Considérée comme un outil de rétention des talents au sein d’un groupe et comme une source de valeur ajoutée pour la fonction finance, la mobilité interne s’inscrit de plus en plus au cœur des priorités des directeurs financiers. Une démarche qui, pour être efficace, implique toutefois un engagement fort du management.

Les entretiens d’évaluation annuels achevés au sein de la plupart des groupes, de nombreuses directions financières s’apprêtent désormais à entamer un jeu de chaises musicales. Dans quelques mois, Tarkett va par exemple accueillir un de ses contrôleurs de gestion basé en Russie dans son département d’audit interne à Paris. Venant de réaliser deux opérations de croissance externe significatives en Europe, une ETI évoluant dans l’industrie du bâtiment va pour sa part enregistrer un chassé-croisé entre un comptable groupe et un comptable qui travaillait jusqu’alors dans l’une de ses nouvelles filiales, située en Europe du Nord.

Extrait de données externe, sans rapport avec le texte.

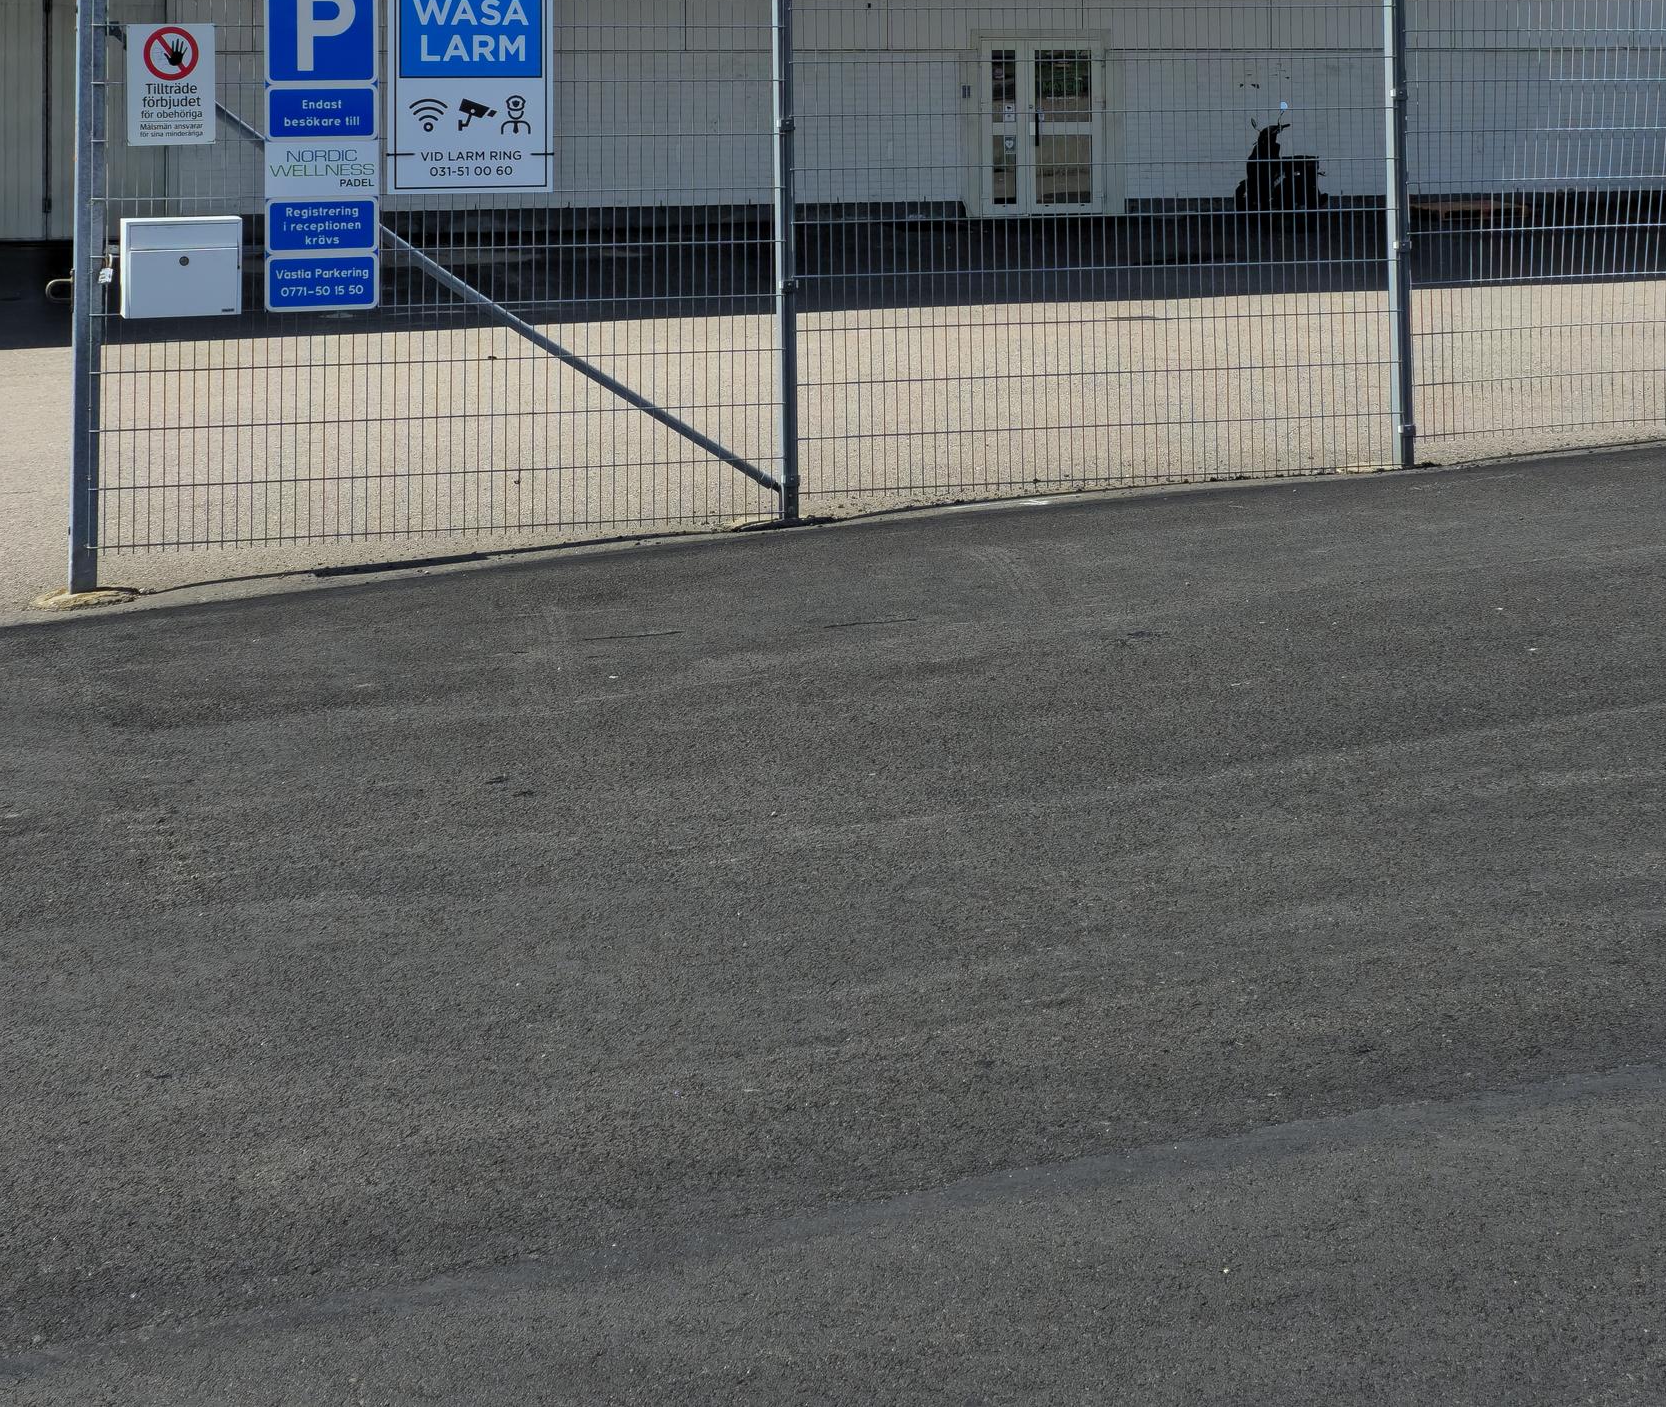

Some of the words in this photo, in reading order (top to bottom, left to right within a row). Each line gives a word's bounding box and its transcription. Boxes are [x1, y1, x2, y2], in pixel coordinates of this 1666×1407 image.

Quant à une grande banque française, elle a décidé de confier la gestion d’une de ses équipes d’audit à un contrôleur financier senior, en remplacement d’un cadre qui était lui-même venu d’une filiale d’Europe de l’Est…

Alors que le taux de mobilité interne parmi les équipes financières se stabilise depuis plusieurs années autour de 10 % d’après plusieurs études, dont celle effectuée tous les ans par Deloitte en partenariat avec le spécialiste de la veille et de l’information BtoB Nomination, («Mobicadres»), plusieurs directeurs financiers espèrent bien le voir croître. «A ce jour, ce niveau s’établit au sein de mes équipes dans une fourchette comprise entre 5 % et 10 %, signale Grégory Sanson, directeur financier de Bonduelle. Même s’il est compliqué d’aboutir à des seuils plus élevés, l’ensemble des collaborateurs n’ayant pas de velléités de mouvement, nous aimerions cependant nous rapprocher de 15 %.»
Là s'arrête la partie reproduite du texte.